Judge O’Connor’s ruling did not undo the entire preventive services mandate, but said it should not cover services that the panel, the United States Preventive Service Task Force, had recommended since 2010.
The newer services included three types of screenings: one for anxiety in children, another for unhealthy drug use and a third for weight gain in pregnant women. The mandate also included a recommendation that people at high risk for H.I.V. take PrEP, a daily pill that is highly effective at preventing the transmission of the virus.
The challengers in this case objected to covering PrEP, in particular, contending that the drug could “encourage homosexual behavior or intravenous drug use.”
The deal may not have much practical impact on most Americans. When the initial ruling from the district court came down in March, many health plans announced that they would not change their benefits.

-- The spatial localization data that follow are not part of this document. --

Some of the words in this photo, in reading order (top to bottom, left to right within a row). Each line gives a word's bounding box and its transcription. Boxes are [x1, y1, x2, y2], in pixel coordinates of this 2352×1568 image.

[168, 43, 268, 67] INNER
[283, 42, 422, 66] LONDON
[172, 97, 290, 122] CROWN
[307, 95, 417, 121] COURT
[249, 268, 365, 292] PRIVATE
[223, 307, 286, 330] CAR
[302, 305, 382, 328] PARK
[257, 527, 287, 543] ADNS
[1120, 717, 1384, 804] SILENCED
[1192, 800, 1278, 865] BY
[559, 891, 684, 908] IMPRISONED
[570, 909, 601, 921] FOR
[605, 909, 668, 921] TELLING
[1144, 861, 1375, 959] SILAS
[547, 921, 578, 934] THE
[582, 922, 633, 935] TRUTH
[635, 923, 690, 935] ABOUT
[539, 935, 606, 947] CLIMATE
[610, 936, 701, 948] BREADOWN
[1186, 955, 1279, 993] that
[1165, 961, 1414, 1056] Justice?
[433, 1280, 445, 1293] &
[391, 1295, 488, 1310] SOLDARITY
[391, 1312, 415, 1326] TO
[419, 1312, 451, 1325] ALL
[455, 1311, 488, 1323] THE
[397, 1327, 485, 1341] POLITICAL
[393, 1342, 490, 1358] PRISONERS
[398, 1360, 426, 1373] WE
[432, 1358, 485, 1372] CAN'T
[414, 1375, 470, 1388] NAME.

Health plans typically have policies that span a full year, and it is unusual for them to change their members’ benefits in the middle of a contract. And insurers may be reluctant to take away a popular benefit that, in some cases, saves them money by preventing serious disease later on.
Matt Eyles, the president of AHIP, the trade group representing health insurers, said in a statement shortly after the initial ruling that there would be “no immediate disruption in care or coverage.”
The Blue Cross Blue Shield Association, which has health plans across the country, said in March that it would “strongly encourage their members to continue to access these services to promote their continued well-being.”